• [Directions for this task]: Every single entry below should be reproduced verbatim.

• [Input]:
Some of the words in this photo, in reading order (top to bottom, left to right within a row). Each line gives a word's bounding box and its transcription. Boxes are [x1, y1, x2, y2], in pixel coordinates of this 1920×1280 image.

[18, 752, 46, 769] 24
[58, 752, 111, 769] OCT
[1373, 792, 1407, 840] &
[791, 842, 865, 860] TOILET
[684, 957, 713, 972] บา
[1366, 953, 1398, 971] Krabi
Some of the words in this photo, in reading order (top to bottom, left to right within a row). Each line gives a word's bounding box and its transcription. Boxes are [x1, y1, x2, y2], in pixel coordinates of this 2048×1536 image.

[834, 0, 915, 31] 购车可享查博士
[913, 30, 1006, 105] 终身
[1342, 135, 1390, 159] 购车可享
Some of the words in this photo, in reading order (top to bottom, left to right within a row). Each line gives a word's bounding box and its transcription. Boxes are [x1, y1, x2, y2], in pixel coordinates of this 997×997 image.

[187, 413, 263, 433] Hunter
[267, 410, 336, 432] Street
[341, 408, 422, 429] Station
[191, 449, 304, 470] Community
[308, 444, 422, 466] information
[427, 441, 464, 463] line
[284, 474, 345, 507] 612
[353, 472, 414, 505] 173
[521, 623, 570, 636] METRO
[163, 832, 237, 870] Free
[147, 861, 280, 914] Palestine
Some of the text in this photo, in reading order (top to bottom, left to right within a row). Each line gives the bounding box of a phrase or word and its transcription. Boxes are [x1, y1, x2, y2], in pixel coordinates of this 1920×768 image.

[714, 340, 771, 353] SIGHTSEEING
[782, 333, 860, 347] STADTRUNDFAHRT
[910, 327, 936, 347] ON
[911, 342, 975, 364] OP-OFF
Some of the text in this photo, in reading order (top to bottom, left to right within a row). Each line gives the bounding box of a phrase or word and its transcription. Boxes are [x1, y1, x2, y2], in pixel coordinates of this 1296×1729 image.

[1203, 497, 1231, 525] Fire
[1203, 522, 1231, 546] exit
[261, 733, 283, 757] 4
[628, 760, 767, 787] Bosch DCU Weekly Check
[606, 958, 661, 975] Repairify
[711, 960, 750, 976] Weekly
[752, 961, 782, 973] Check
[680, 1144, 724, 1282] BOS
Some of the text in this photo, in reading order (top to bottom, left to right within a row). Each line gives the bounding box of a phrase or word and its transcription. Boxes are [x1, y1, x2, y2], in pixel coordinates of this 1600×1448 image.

• [Result of this task]:
Some of the words in this photo, in reading order (top to bottom, left to right within a row). Each line gives a word's bounding box and its transcription. Boxes are [x1, y1, x2, y2], in pixel coordinates of this 1920×1280 image.

[18, 752, 46, 769] 24
[58, 752, 111, 769] OCT
[1373, 792, 1407, 840] &
[791, 842, 865, 860] TOILET
[684, 957, 713, 972] บา
[1366, 953, 1398, 971] Krabi
Some of the words in this photo, in reading order (top to bottom, left to right within a row). Each line gives a word's bounding box and its transcription. Boxes are [x1, y1, x2, y2], in pixel coordinates of this 2048×1536 image.

[834, 0, 915, 31] 购车可享查博士
[913, 30, 1006, 105] 终身
[1342, 135, 1390, 159] 购车可享
Some of the words in this photo, in reading order (top to bottom, left to right within a row). Each line gives a word's bounding box and its transcription. Boxes are [x1, y1, x2, y2], in pixel coordinates of this 997×997 image.

[187, 413, 263, 433] Hunter
[267, 410, 336, 432] Street
[341, 408, 422, 429] Station
[191, 449, 304, 470] Community
[308, 444, 422, 466] information
[427, 441, 464, 463] line
[284, 474, 345, 507] 612
[353, 472, 414, 505] 173
[521, 623, 570, 636] METRO
[163, 832, 237, 870] Free
[147, 861, 280, 914] Palestine
Some of the text in this photo, in reading order (top to bottom, left to right within a row). Each line gives the bounding box of a phrase or word and its transcription. Boxes are [x1, y1, x2, y2], in pixel coordinates of this 1920×768 image.

[714, 340, 771, 353] SIGHTSEEING
[782, 333, 860, 347] STADTRUNDFAHRT
[910, 327, 936, 347] ON
[911, 342, 975, 364] OP-OFF
Some of the text in this photo, in reading order (top to bottom, left to right within a row). Each line gives the bounding box of a phrase or word and its transcription. Boxes are [x1, y1, x2, y2], in pixel coordinates of this 1296×1729 image.

[1203, 497, 1231, 525] Fire
[1203, 522, 1231, 546] exit
[261, 733, 283, 757] 4
[628, 760, 767, 787] Bosch DCU Weekly Check
[606, 958, 661, 975] Repairify
[711, 960, 750, 976] Weekly
[752, 961, 782, 973] Check
[680, 1144, 724, 1282] BOS
Some of the text in this photo, in reading order (top to bottom, left to right within a row). Each line gives the bounding box of a phrase or word and its transcription. Boxes are [x1, y1, x2, y2], in pixel coordinates of this 1600×1448 image.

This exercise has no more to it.